Reducing light and noise made a psychiatric ICU unit calmer and safer
Turning down the lights and reducing noise levels as part of a stimulation reduction initiative can decrease assaults and the amount of time patients must spend in restraint at psychiatric intensive care units, according to new research from the University of Alabama at Birmingham. Findings showed that simple techniques to reduce sensory overstimulation played a major role in creating a safer environment for both patients and staff.
“The time period roughly between 4-7 p.m. often sees an environment of commotion and disquietude on high acuity psychiatric units resulting in a higher incidence of assaults and/or need to place patients in restraints to control aggressive behaviour” said Rachel E. Fargason, M.D., professor in the UAB Department of Psychiatry and senior author of the study. “On many psychiatric units, this three-hour period between the end of structured activities and the dinner meal is the most problematic of the day.”
Fargason says the combination of bright lights, talkative staff, anxious evening visitors, clattering housekeeping carts and physician traffic can create a highly overstimulating environment.
“Sensory overstimulation is irritating to healthy individuals, but can be intolerable to individuals with neuro-psychiatric disorders,” said Badari Birur, M.D., assistant professor of psychiatry at UAB and a study co-author. “Healthy individuals regularly engage in centering activities such as stroking their hair or tapping a foot. However, neuro-psychiatrically challenged individuals are often unable to self-identify their sensory needs or execute these adaptive behaviours.”
Fargason and her team began a structured change in sensory stimulation on the 20-bed, locked psychiatric intensive care unit at UAB Hospital in October 2015 by dimming lights in the common spaces of the units at 4 p.m. This was followed by sound reduction and the introduction of music in November. Between December and February 2016, the team added tactile and visual art activities, movement, stretching, and aromatherapy.
“Both assaults and use of restraints dropped dramatically as we implemented these sensory adaptations,” Fargason said. “Rates for both fell to close to zero, well below industry benchmarks and regulatory requirements.”
The need for restraints fell by 72 percent, to just over half of 1 percent of total patient hours requiring restraint usage. Assault rates fell 83 percent to a rate of 0.06 percent.
Since the completion of the study, the psychiatric ICU has continued to utilize the stimulation reduction techniques and continues to see positive results on a regular basis.

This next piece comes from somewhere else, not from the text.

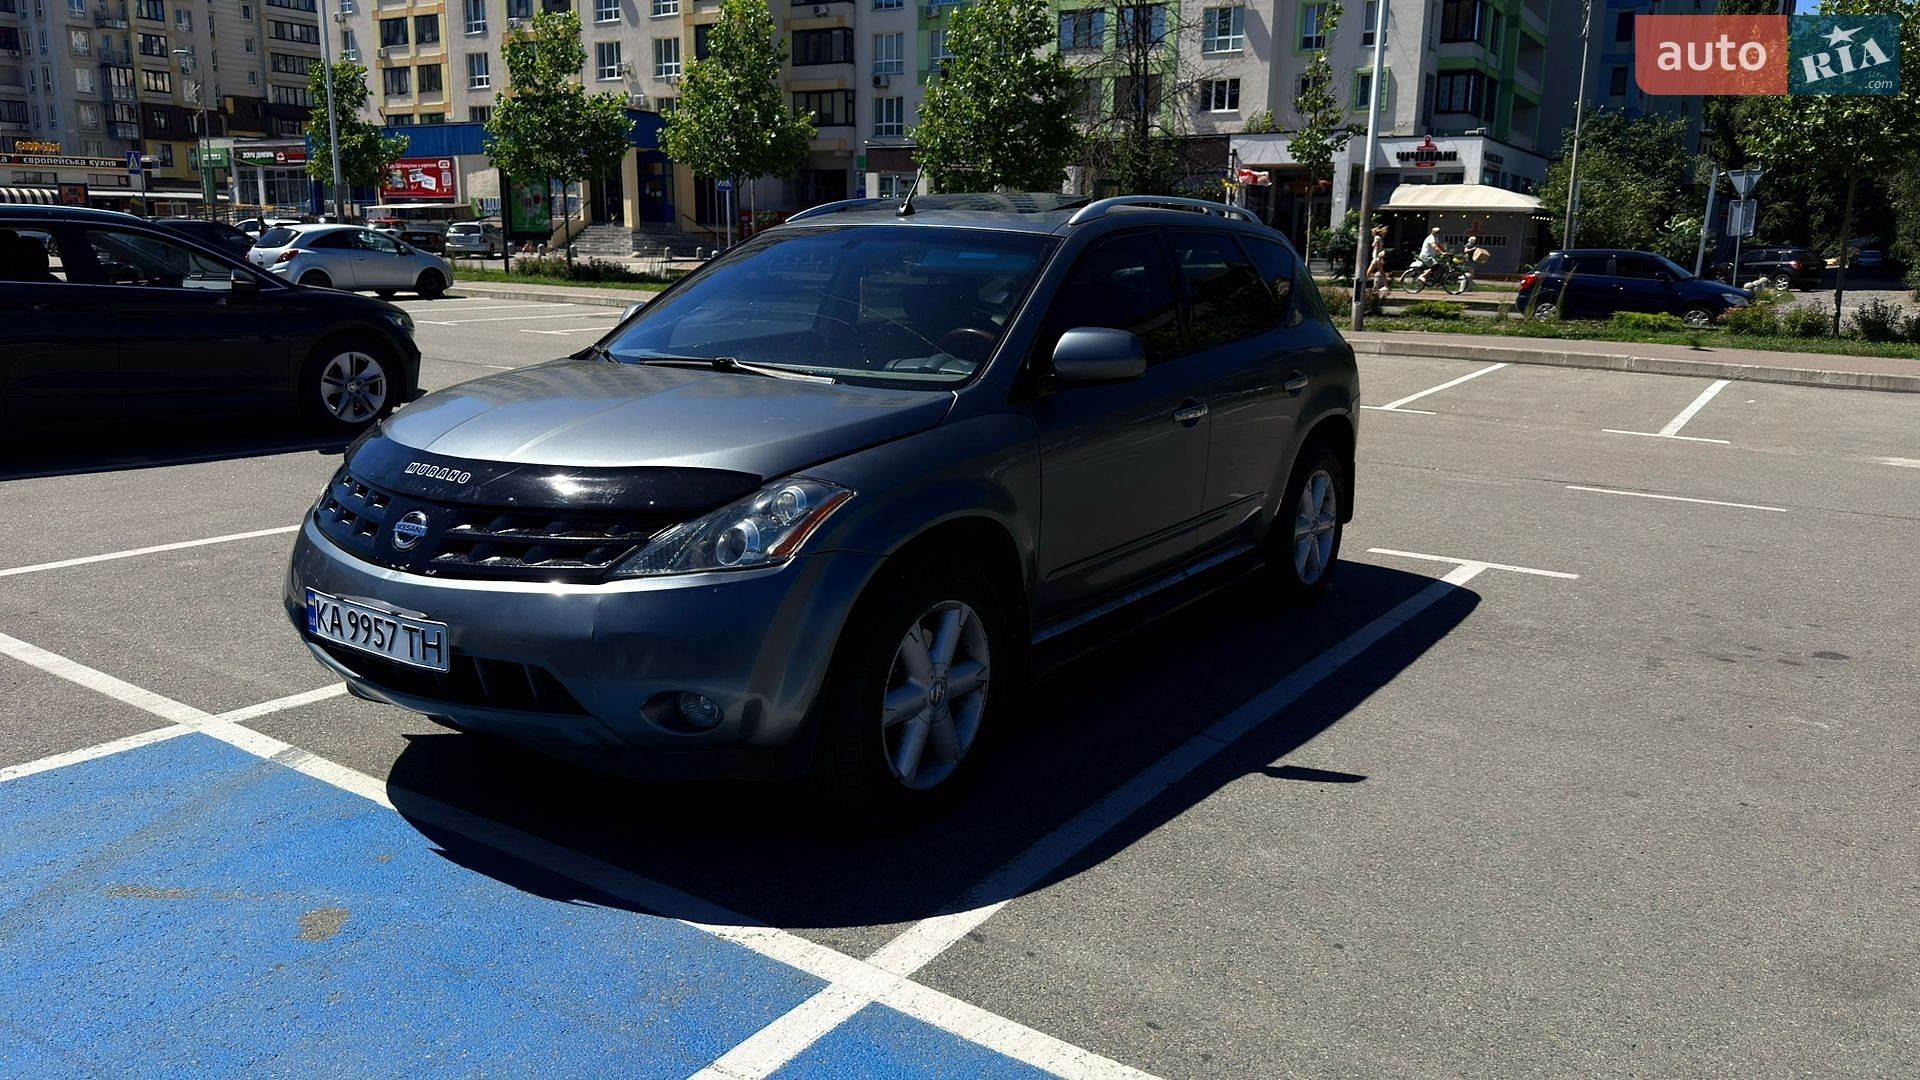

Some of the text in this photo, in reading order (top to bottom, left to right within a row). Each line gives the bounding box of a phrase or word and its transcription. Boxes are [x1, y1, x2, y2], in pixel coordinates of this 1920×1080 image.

“Once the project was fully implemented, the evident calming effects on the patients became reinforcing,” Birur said. “Altering the sensory milieu on a busy psychiatry unit requires multidisciplinary efforts by leaders and frontline team champions to influence this kind of beneficial culture change.”
The team, which included nurses, occupational and physical therapists, patient care technicians, and physicians, reports that the quieter auditory and low-light culture became the new normal on that unit.
“While initially implementing the process changes, assistant nurse manager Barbara Aguilar had to remind patients, visitors and even staff to leave overhead lights off and to speak in quiet voices,” said Melissa Bearden, OT/L, occupational therapy manager for the Center for Psychiatric Medicine. “Eventually the culture shifted, and patients and staff now remind each other or self-correct.”
Fargason says the findings could have impact on other hospital units, particularly where patients are behaviourally challenged due to dementia, delirium or medication.